At one point we entered the music room. He pulled out a harmonica and played a bit because it was the music room. He led us out on an open porch that had a breathtaking view of mountains. When we walked out, he donned a hat he pulled out of his pocket. When we walked back inside he returned the hat to his pocket. He was rather dramatic in his story-telling. He told us his father had impersonated Mark Twain on steamboats on the Mississippi, and that he had been a pre-school teacher. Kaylyn and I could definitely picture him acting in community theater.

After we returned to our truck, we just sat and laughed. It was the oddest tour ever! The castle is in private hands and needs much work. It is open for tours and also rented out for weddings and… murder mystery dinners. I think I’ll skip the dinner… I’m not sure I want to go to Wilson Castle in the dark!

Wednesday, September 26, 2012

Day # 19 Homeschool Activity

Ben & Jerry's offers a wide variety of ice cream flavors. Look at some that they offer. If you submit a new ice cream idea to Ben & Jerry's and they use it, they will give you free ice cream for life. Can you think of a new combination that you think would be good? Start with an ice cream flavor that doesn't have anything mixed in, and experiment. If you think you have come up with a terrific idea... write to Ben & Jerry's and tell them!

Yum!

Day # 19


Four factory tours in one day! Can you beat our record? Not all of them were long, involved tours… but they were factory tours.

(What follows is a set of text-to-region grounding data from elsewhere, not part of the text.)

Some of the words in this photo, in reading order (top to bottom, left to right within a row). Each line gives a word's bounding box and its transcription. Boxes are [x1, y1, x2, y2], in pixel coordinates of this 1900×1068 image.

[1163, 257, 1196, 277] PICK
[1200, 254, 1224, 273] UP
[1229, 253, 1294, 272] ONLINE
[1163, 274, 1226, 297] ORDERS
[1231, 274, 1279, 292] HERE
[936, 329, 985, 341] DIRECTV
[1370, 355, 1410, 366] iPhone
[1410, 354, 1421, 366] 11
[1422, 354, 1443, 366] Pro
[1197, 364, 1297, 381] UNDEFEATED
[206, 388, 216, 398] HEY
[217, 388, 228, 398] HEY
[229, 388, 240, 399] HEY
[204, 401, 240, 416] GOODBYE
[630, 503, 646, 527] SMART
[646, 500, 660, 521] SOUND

We started our day at Polly’s Pancake Parlor in Franconia, New Hampshire. Strong recommendations from Kaylyn’s boyfriend, Chris Marshall, and his dad caused us to get up early this morning (for us) and seek out the pancake house. We were richly rewarded. Polly’s serves a wide variety of pancakes with an equally appealing assortment of fillers. We got two each of buttermilk with chocolate chips, buckwheat with pecans and whole wheat with blueberries. We also had some of the best potato pancakes I have ever eaten.

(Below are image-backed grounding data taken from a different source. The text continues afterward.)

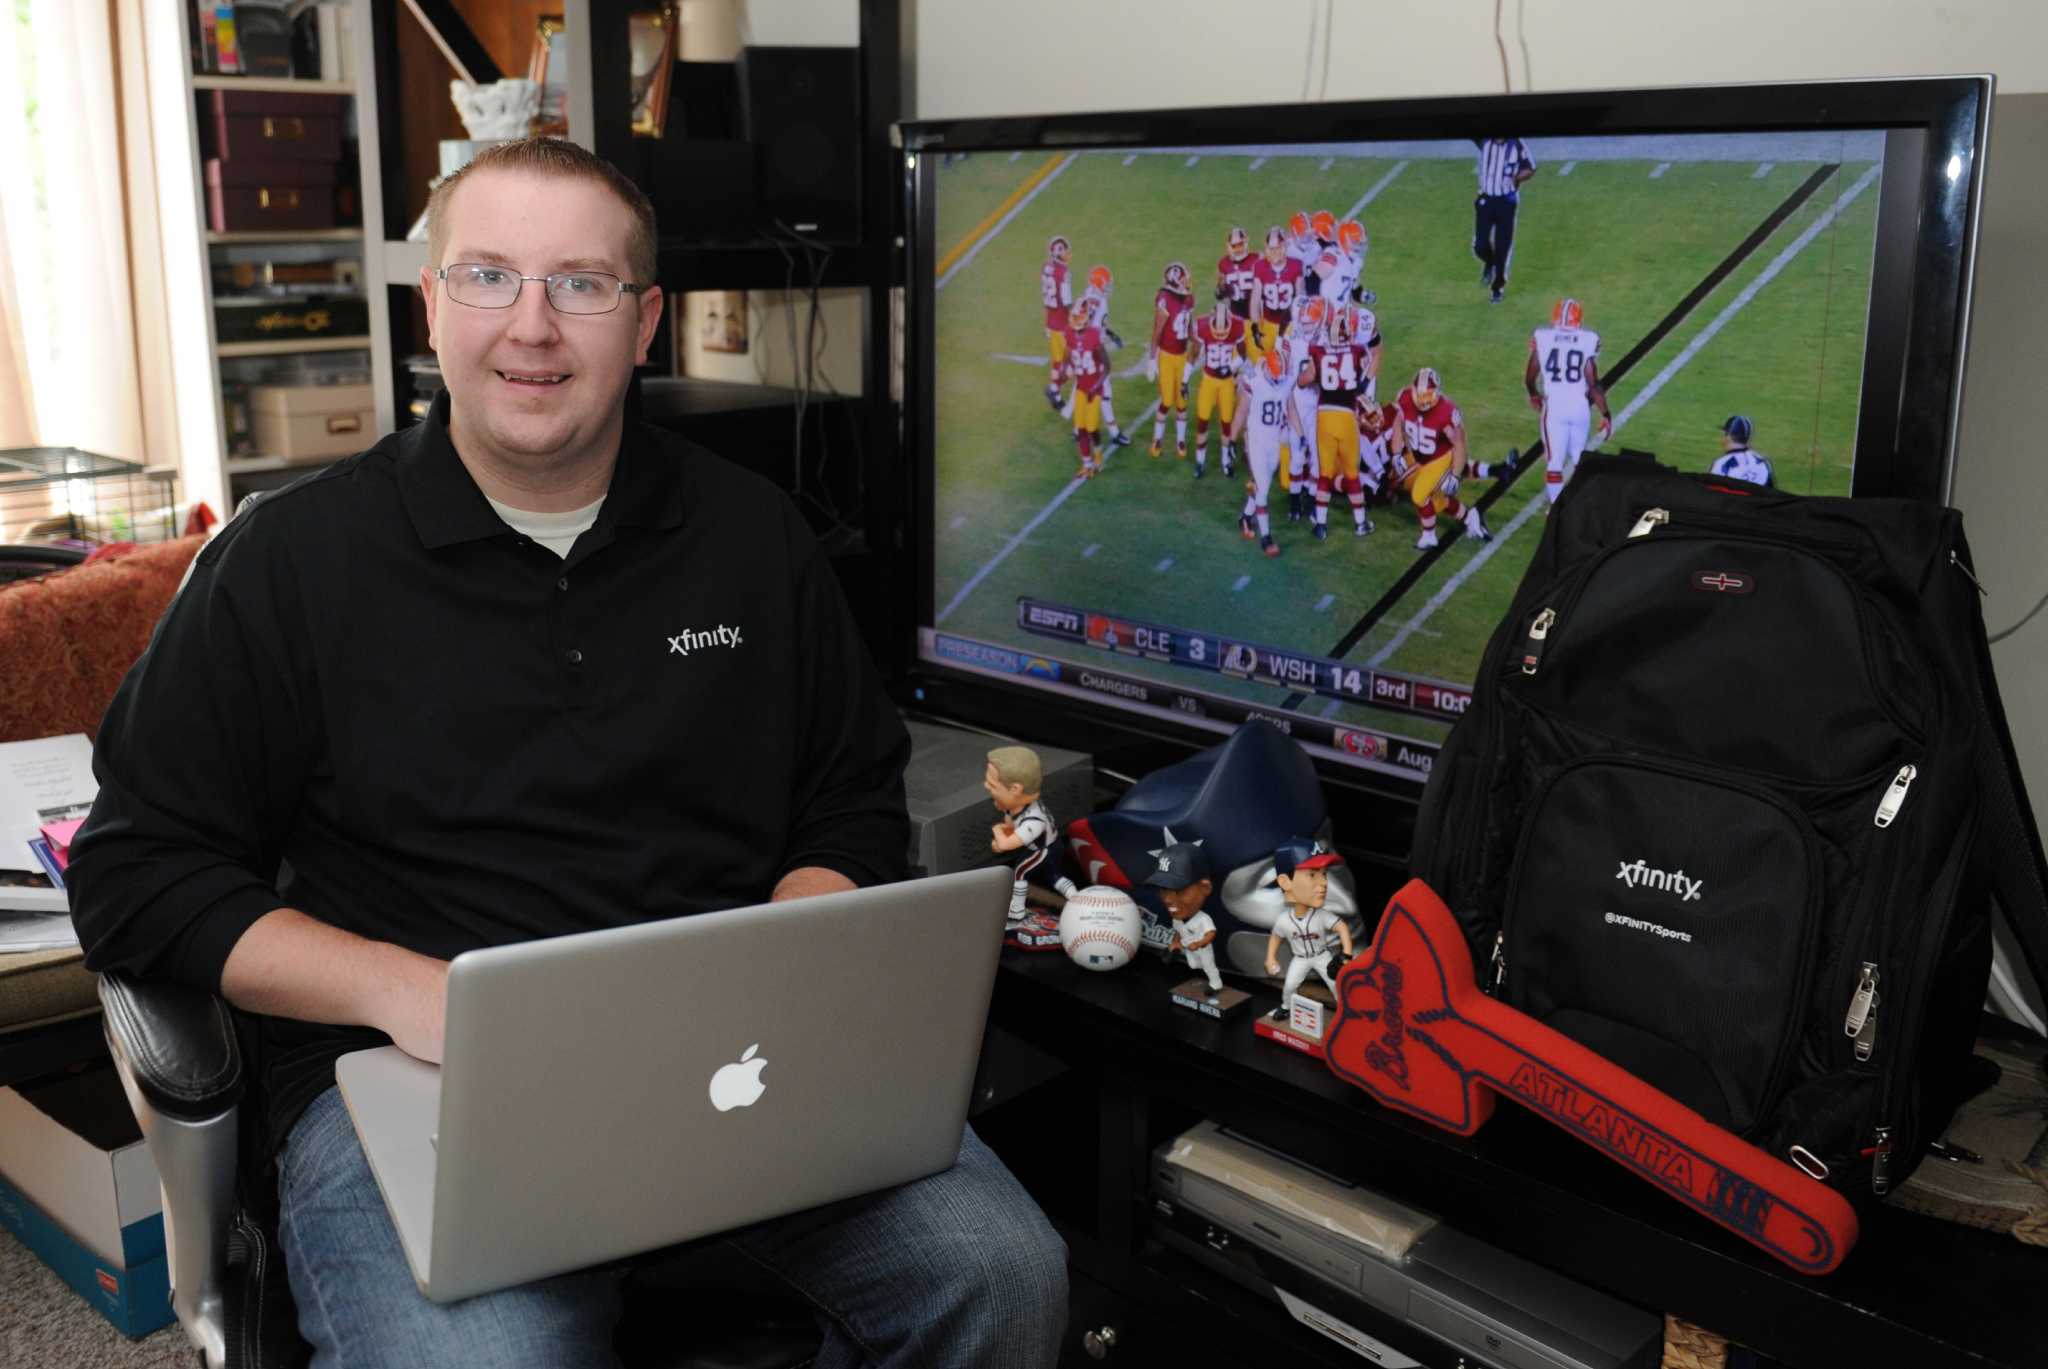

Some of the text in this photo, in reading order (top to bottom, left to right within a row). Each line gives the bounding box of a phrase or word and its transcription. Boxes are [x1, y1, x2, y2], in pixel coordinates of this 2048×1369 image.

[1263, 282, 1295, 311] 93
[1320, 355, 1358, 391] 64
[1545, 348, 1584, 383] 48
[1261, 401, 1282, 426] 81
[667, 624, 740, 656] xfinity
[1029, 606, 1079, 631] ESPN
[1135, 627, 1170, 653] CLE
[1189, 638, 1206, 661] 3
[1269, 654, 1317, 685] WSH
[1331, 666, 1362, 694] 14
[1375, 678, 1406, 701] 3rd
[1080, 673, 1148, 701] CHARGERS
[1397, 747, 1433, 772] Aug
[1615, 859, 1703, 901] xfinity
[1604, 911, 1692, 942] @XFINITYSports
[1508, 1062, 1694, 1194] ATLANTA

Mr. Marshall has been an enthusiastic supporter of our trip. A native of Boston, he has offered a number of excellent recommendations and enjoyed our daily blogs. It has been a pleasure to have him ‘travel’ with us.

We drove west into Vermont. The weather moderated as our elevation dropped. A sign of the gentler climate was that the barns were no longer one building united with the farm houses. The barn is now located some yards behind the house. 

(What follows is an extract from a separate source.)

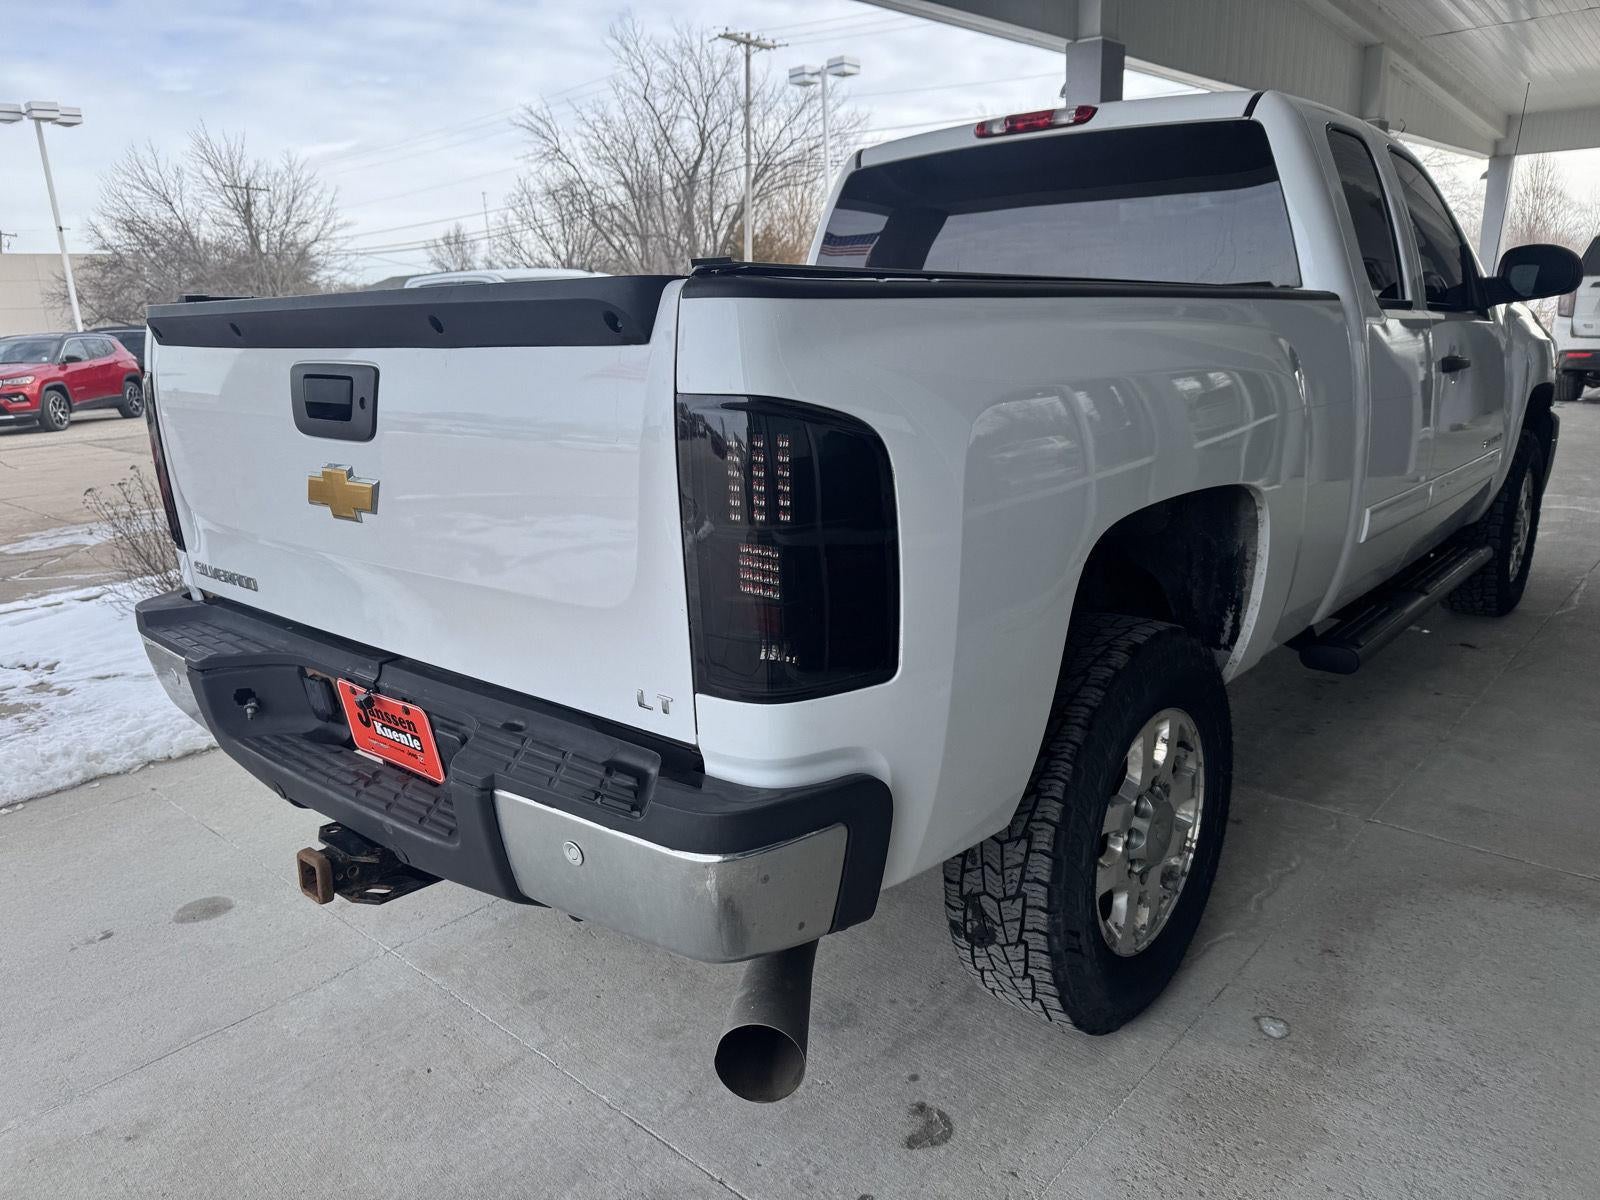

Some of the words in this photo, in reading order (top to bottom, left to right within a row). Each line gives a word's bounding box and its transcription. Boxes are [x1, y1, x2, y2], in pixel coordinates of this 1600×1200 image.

Our first factory tour of the day was Ben & Jerry’s Ice Cream. The factory they have set up for tours is not where the majority of ice cream is made, so tourists just get to sample an idea of the production process. And of course, we get ice cream at the end. Today’s offering was Americone Dream – vanilla ice cream with fudge-covered waffle cone pieces and caramel swirl. If you submit an idea for an ice cream flavor they end up using, you are rewarded with free ice cream for life.

The motor home in the picture is a Dodge Travco. It was first produced in the mid-1960s along with the Clark Cortez, built by Clark Equipment Company. The Travco and the Cortez were among the first manufactured motor homes. Our family owned a Clark Cortez in the 1960s. The other common motor home we would see on the highway would be an old bus, converted into a motor home by an ambitious individual.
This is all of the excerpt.